Over the past 20 years, the majority of non-resident property buyers in France have financed their purchases using money raised against a primary residence in their home country. However, using a French mortgage is growing in popularity for a number of reasons, including historically low exchange rates and higher costs and restrictions of raising finance on property in the UK, Ireland or elsewhere.
If you are considering taking out a French mortgage, your first question may be whether or not to use a French mortgage broker or approach a lender directly – here we look at both options.
As a general rule, the mortgage market in France is less developed than in the UK, US or Ireland and, for residents at least, using a mortgage broker is a lot less common. If you go into an estate agent in the UK to purchase a property and enquire about mortgage options it is likely that you will be introduced to a mortgage broker who works closely with the agent. What they certainly won’t do is introduce you directly to a high street lender. However, in France, it is still very common for an estate agent to work with one or two lenders directly – the concept of a mortgage broker giving you access to the entire market is still fairly rare.
If you are considering approaching lenders directly then there are a number of things you need to be aware of:
- All French banks offer different products and it isn’t the case that each bank offers each product. Some only offer repayment mortgages, some only offer fixed rate mortgages and the majority of banks won’ t consider raising finance against an unencumbered property that you already own.
- Each of the French banks also has different criteria when judging affordability.
- If your income is complicated, this will need to be explained very carefully. Not all lenders are comfortable lending to self-employed clients, while others are uncomfortable considering company directors, etc.
- Life assurance requirements vary greatly. Some lenders require you to take out their in-house life insurance, and some will allow existing or external policies to be assigned to them or used to cover the loan. Some lenders don’t even require life assurance to be taken out.
Approaching a good French mortgage broker has a number of advantages as they will have access to the entire French mortgage market.

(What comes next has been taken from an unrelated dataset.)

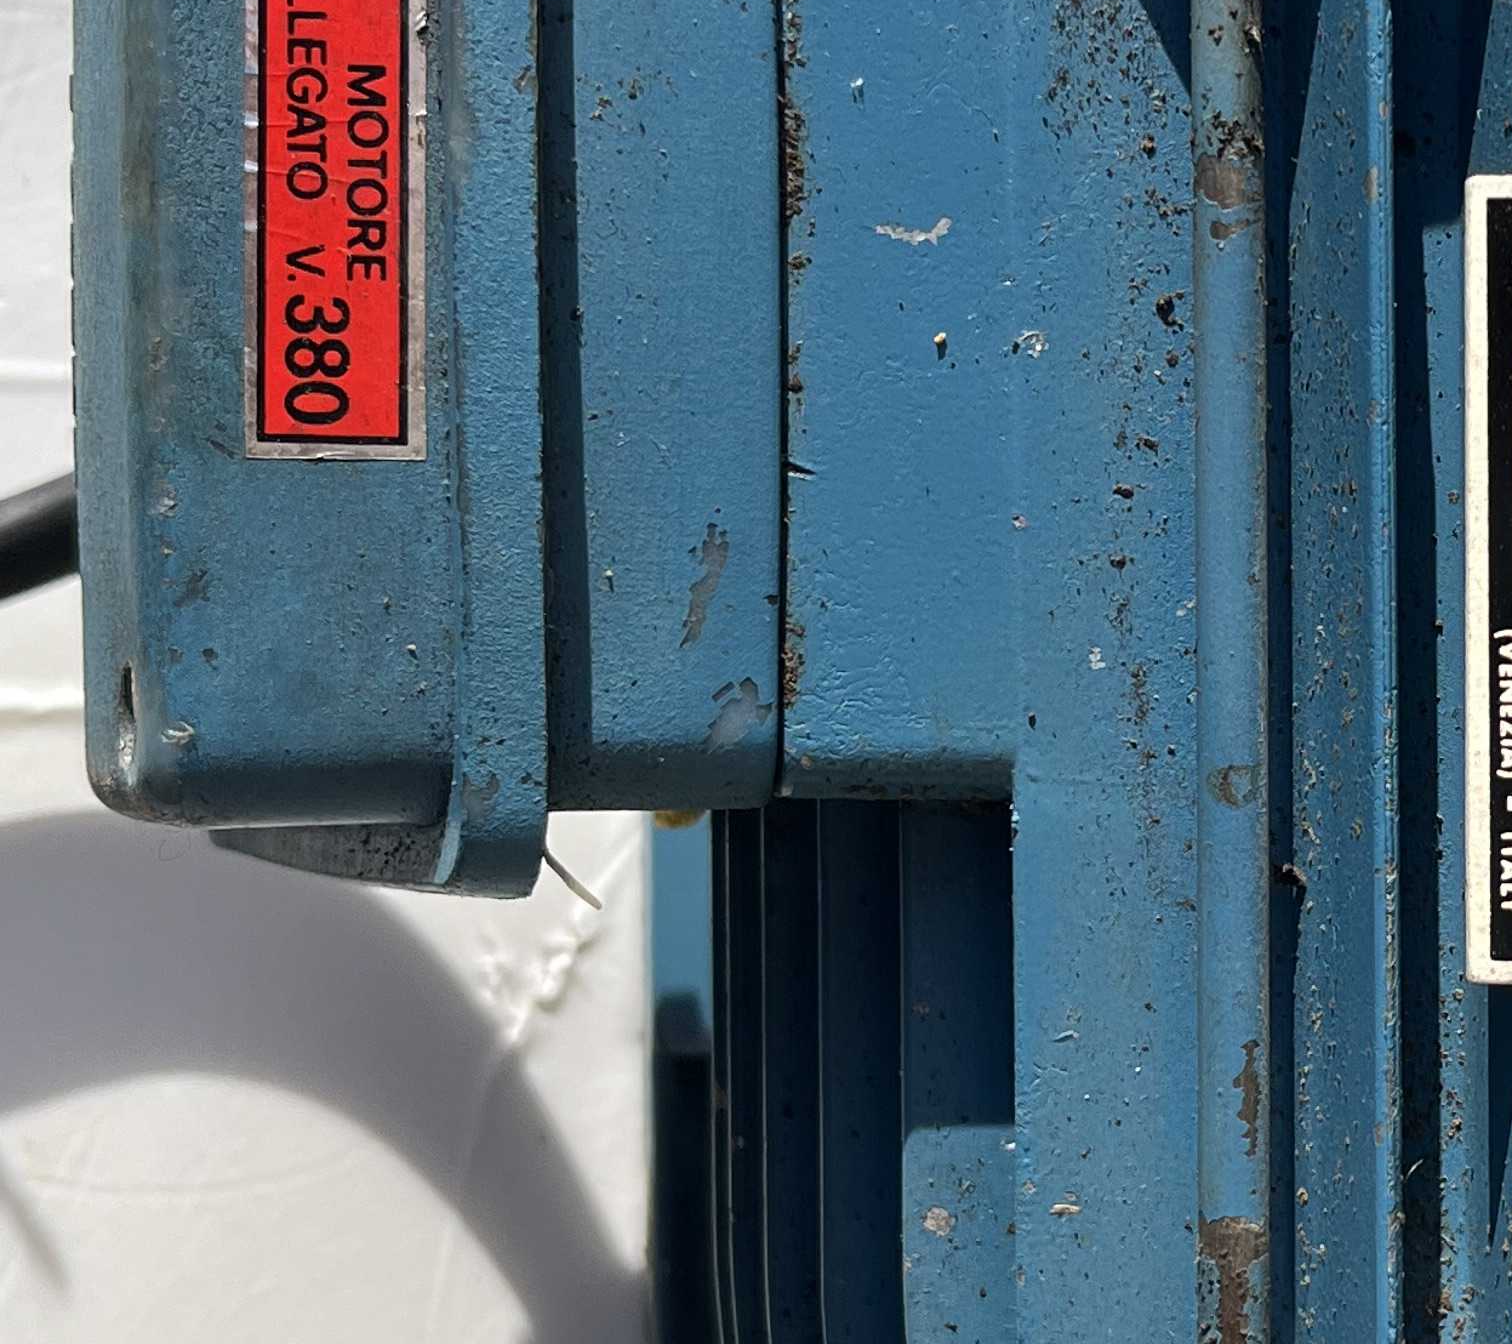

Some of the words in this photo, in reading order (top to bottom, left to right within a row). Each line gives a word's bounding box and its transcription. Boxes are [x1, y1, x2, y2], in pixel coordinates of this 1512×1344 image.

They will be able to talk through your individual circumstances, understand your financial situation and the type of mortgage product you are looking for, and then search the entire market to ensure you receive the most competitive quote.A broker will also have a good understanding of both your domestic financial services market and the French mortgage market, and be in a strong position to explain any differences as well as managing your expectations about the process and what is involved.Furthermore, because of the volumes of business introduced by some French mortgage brokers it is likely they will have access to discounted products and margins that are not available when approaching lenders directly.Finally, a good French mortgage broker will speak fluent English and French ensuring they will be in pole position to look after every aspect of the transaction to ensure it proceeds as smoothly as possible. Speaking fluent French will allow them to liaise with any third parties involved in the transaction such as the notaire, agent or builder.
Whether you choose to approach a bank directly or the services of a French mortgage broker it is important you are aware of all of the options available.